§ **What to work on**
Output the lines of the entries below beginning at the one with "this 1280×1440 image." and ending with the last, exactly as written and without pictures.

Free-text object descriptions

################

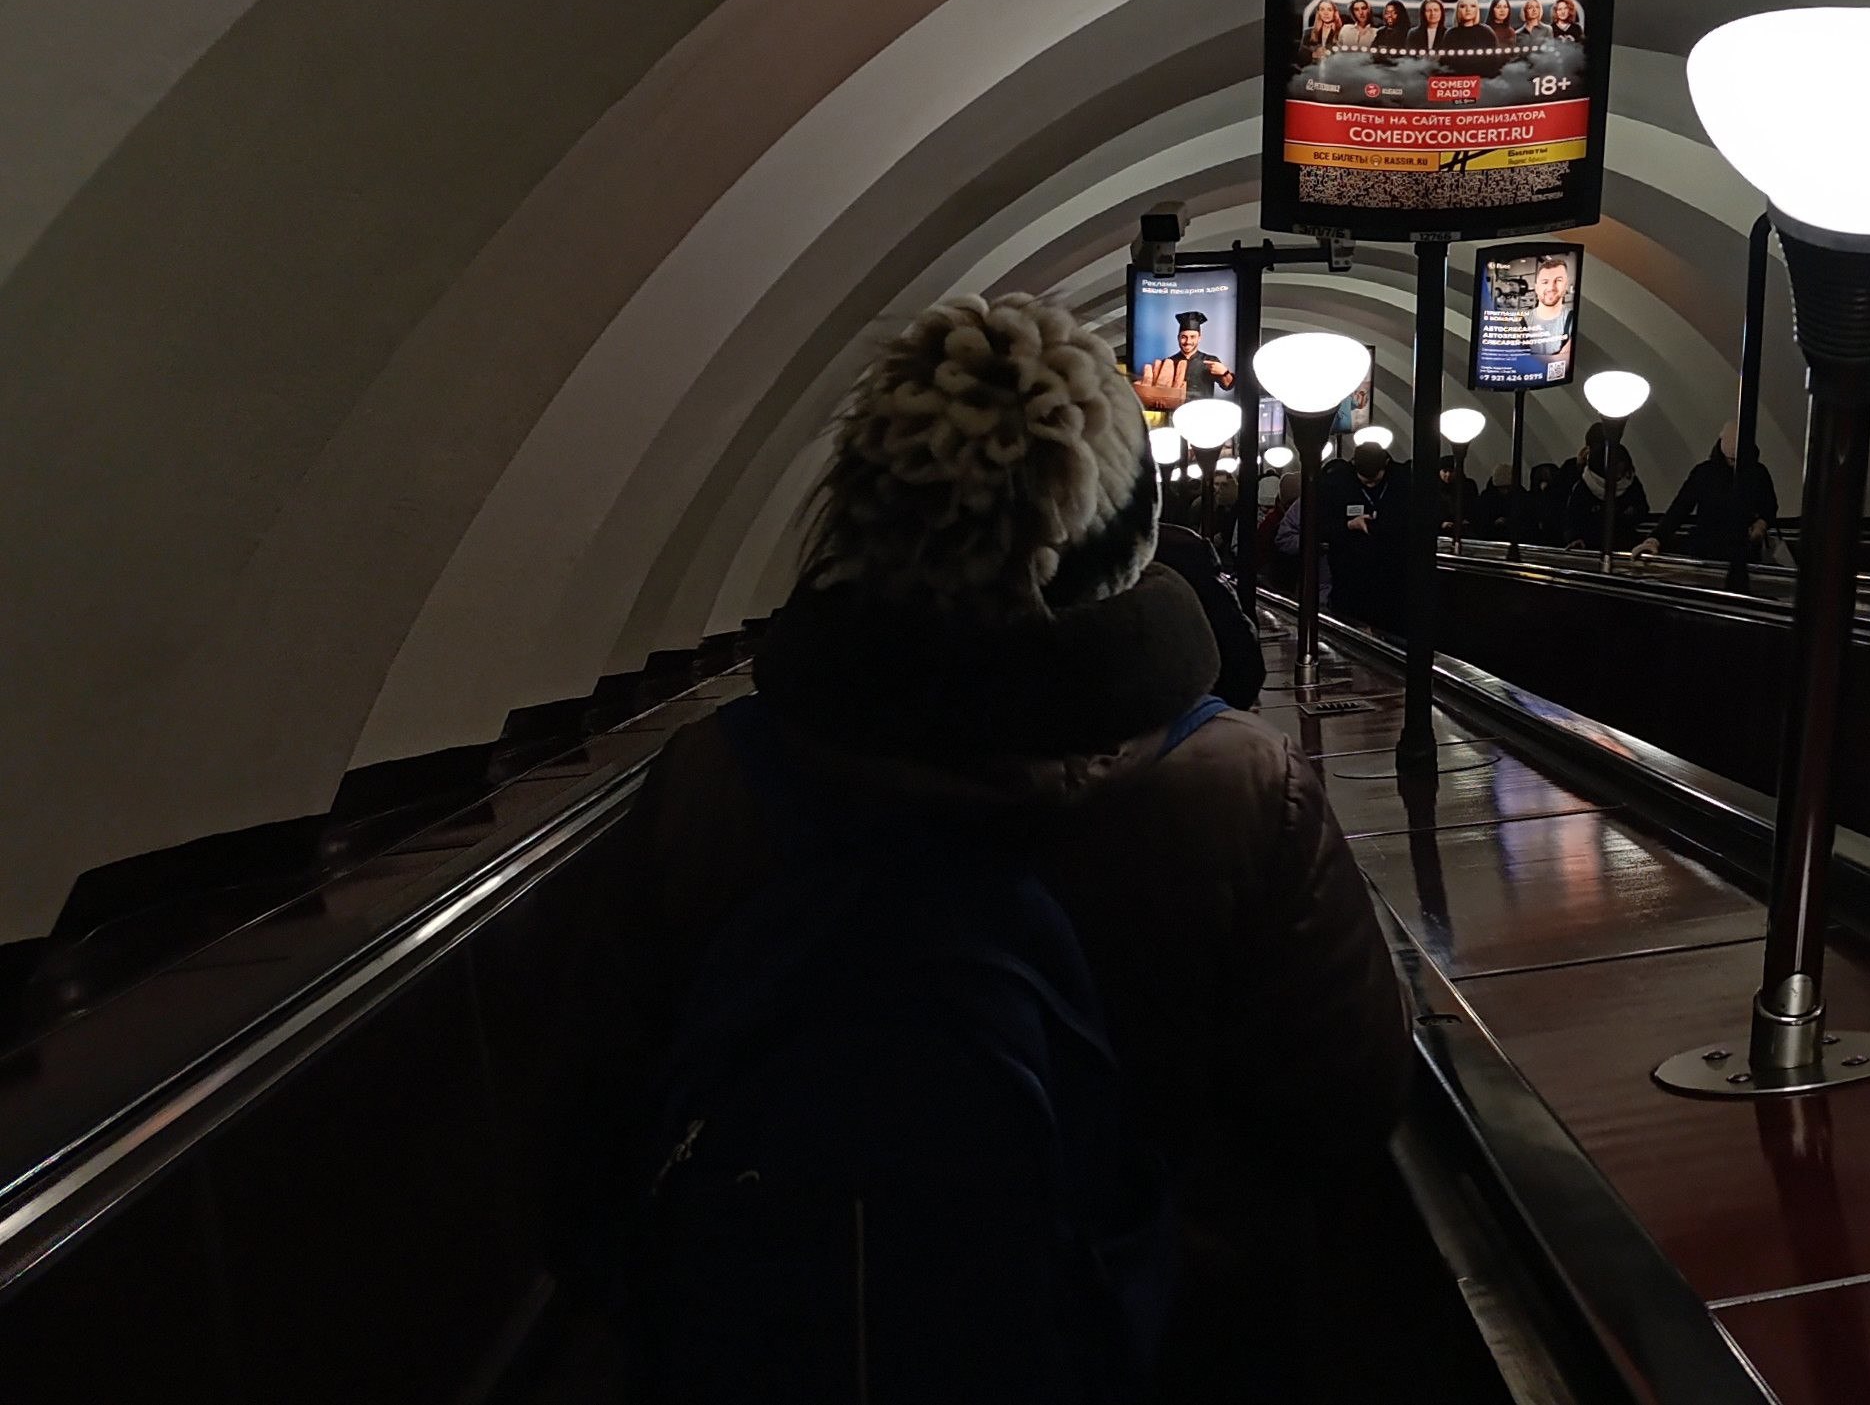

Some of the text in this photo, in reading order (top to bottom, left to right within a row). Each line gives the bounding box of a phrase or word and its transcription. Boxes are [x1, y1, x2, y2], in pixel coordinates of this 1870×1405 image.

[1431, 79, 1477, 89] COMEDY
[1532, 76, 1572, 96] 18+
[1436, 88, 1471, 98] RADIO
[1336, 110, 1546, 126] БИЛЕТЫ НА САЙТЕ ОРГАНИЗАТОРА
[1349, 126, 1534, 144] COMEDYCONCERT.RU
[1313, 151, 1368, 165] ВСЕ БИЛЕТЫ
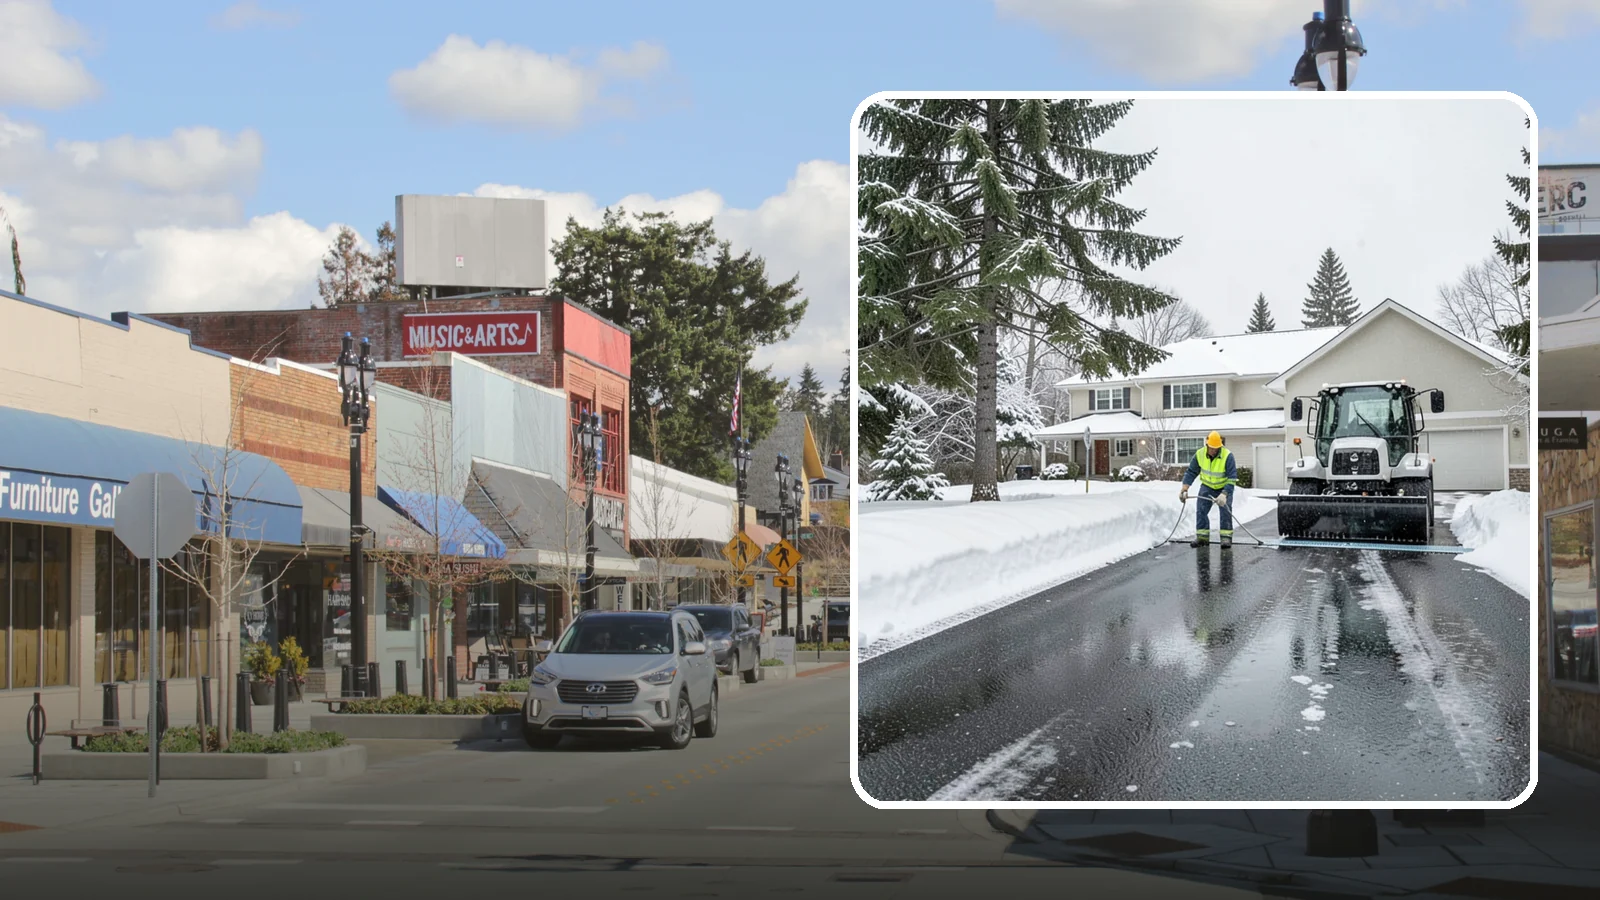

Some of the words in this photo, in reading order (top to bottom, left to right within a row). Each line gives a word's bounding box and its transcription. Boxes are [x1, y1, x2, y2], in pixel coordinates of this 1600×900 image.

[409, 323, 519, 348] MUSIC&ARTS
[1540, 428, 1577, 437] UGA
[1552, 436, 1579, 444] Framing
[0, 471, 79, 515] Furniture
[89, 482, 122, 519] Gal
[453, 563, 479, 574] SUSHI
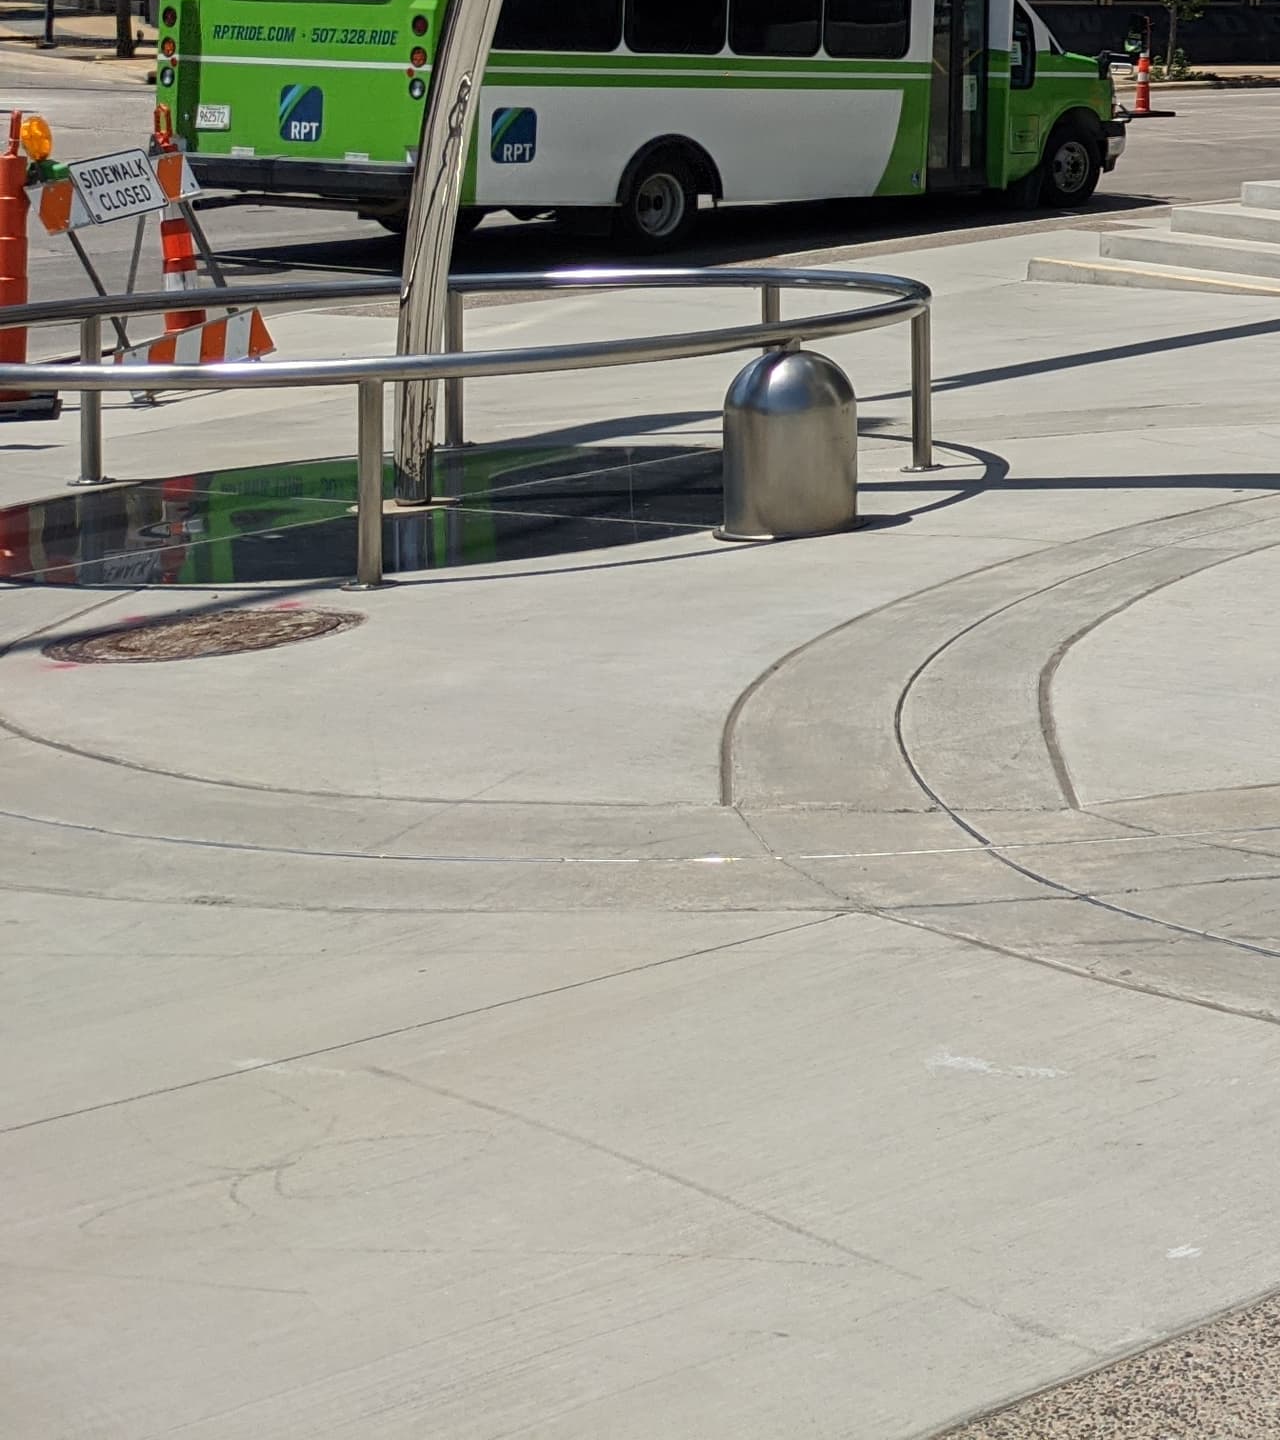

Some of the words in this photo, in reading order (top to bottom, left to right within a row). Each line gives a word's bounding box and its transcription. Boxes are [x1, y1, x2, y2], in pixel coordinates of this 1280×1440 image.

[213, 24, 296, 43] RPTRIDE.COM
[311, 27, 399, 46] 507.328.RIDE
[290, 121, 319, 141] RPT
[503, 143, 533, 162] RPT
[79, 158, 148, 189] SIDEWALK
[99, 184, 152, 211] CLOSED
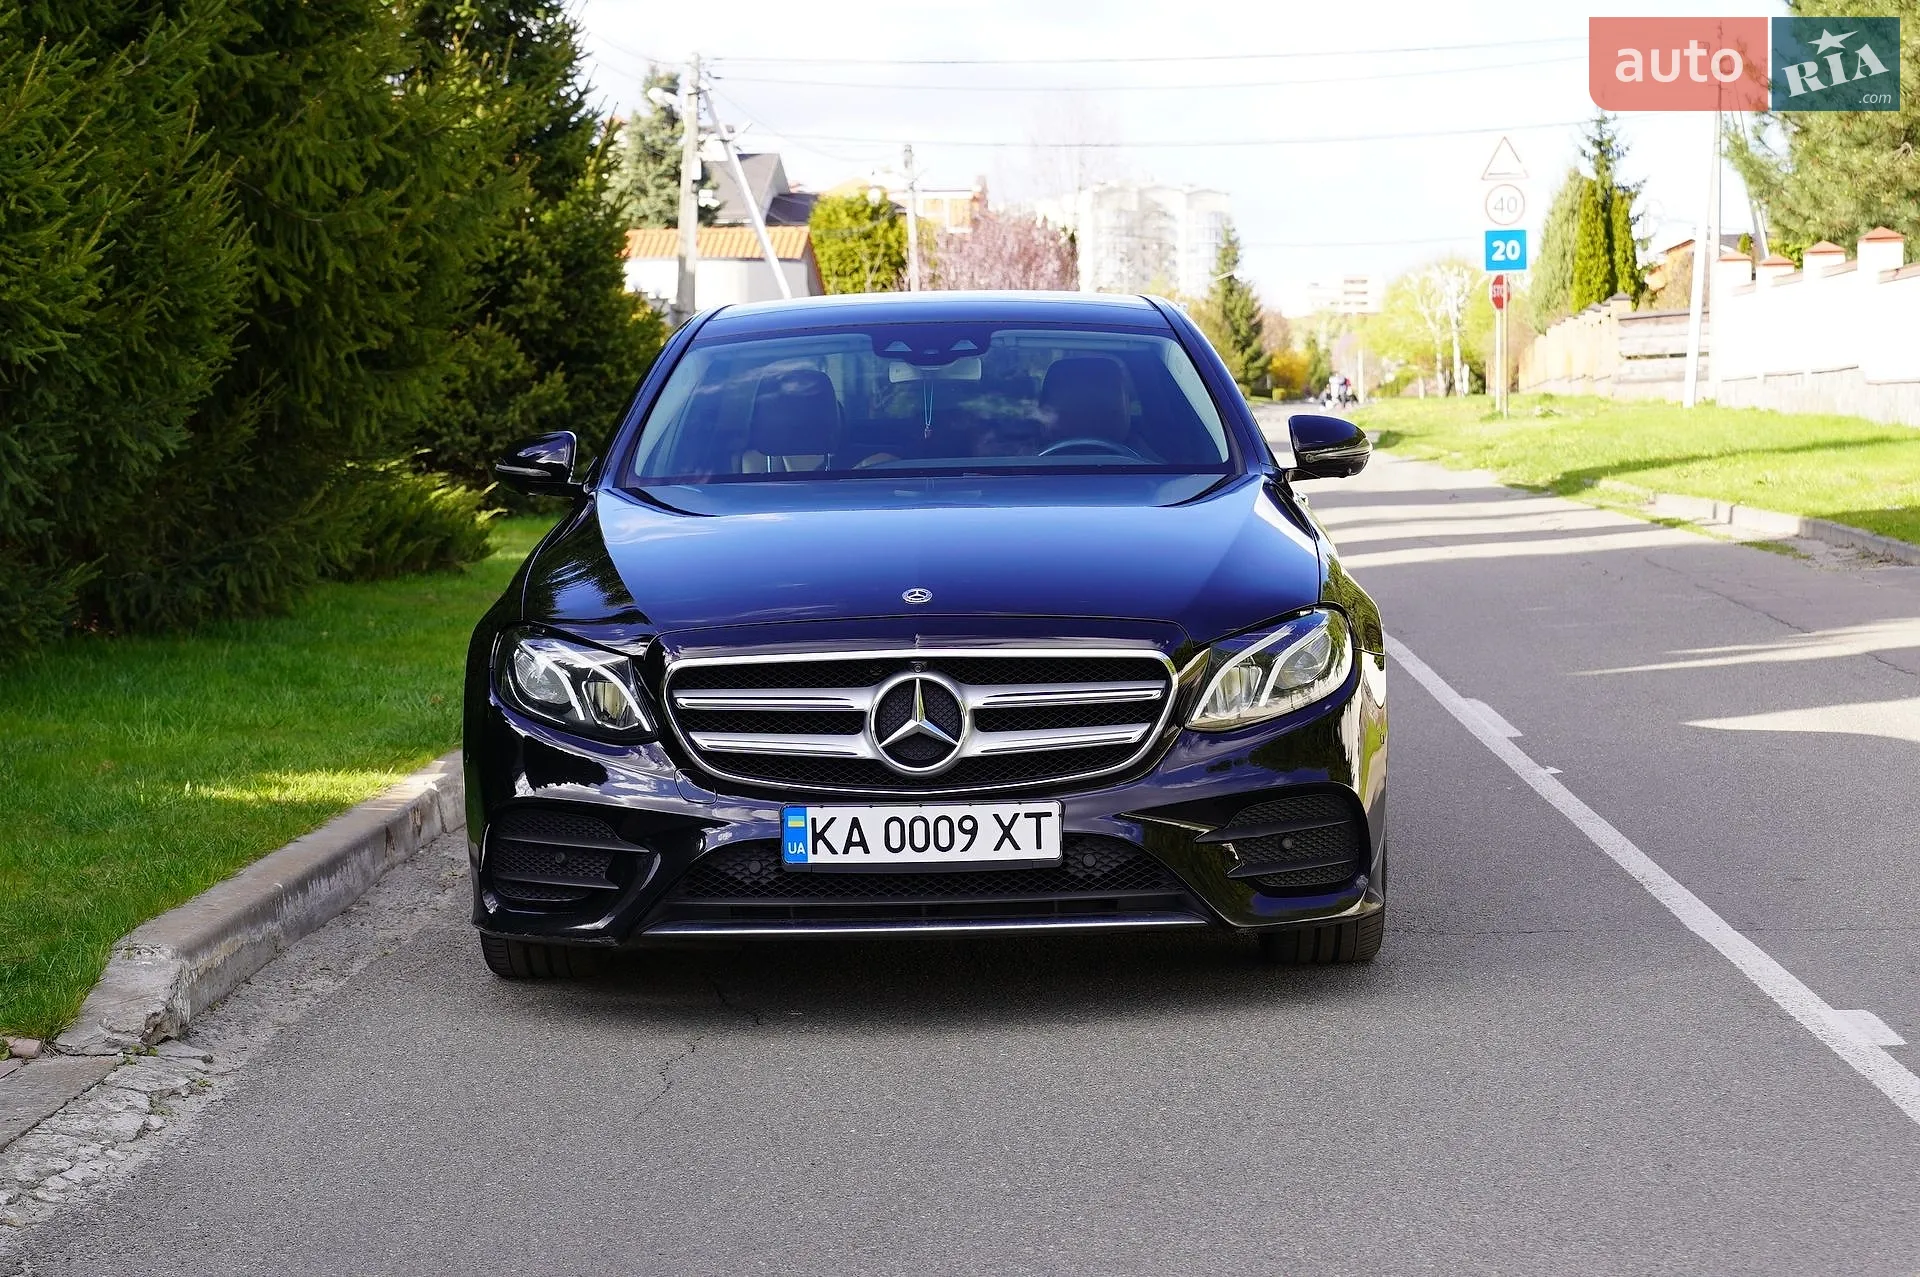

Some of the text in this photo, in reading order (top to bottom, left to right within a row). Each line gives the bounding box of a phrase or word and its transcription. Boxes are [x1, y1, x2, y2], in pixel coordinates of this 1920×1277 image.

################

§ **Output below**
Some of the words in this photo, in reading order (top to bottom, left to right within a row). Each line gives a word's bounding box and its transcription. Boxes are [x1, y1, x2, y2], in pixel coordinates of this 1280×1440 image.

[213, 24, 296, 43] RPTRIDE.COM
[311, 27, 399, 46] 507.328.RIDE
[290, 121, 319, 141] RPT
[503, 143, 533, 162] RPT
[79, 158, 148, 189] SIDEWALK
[99, 184, 152, 211] CLOSED

Some of the text in this photo, in reading order (top to bottom, left to right within a row). Each line gives the bounding box of a phrase or word and its transcription. Boxes are [x1, y1, x2, y2], in pixel coordinates of this 1920×1277 image.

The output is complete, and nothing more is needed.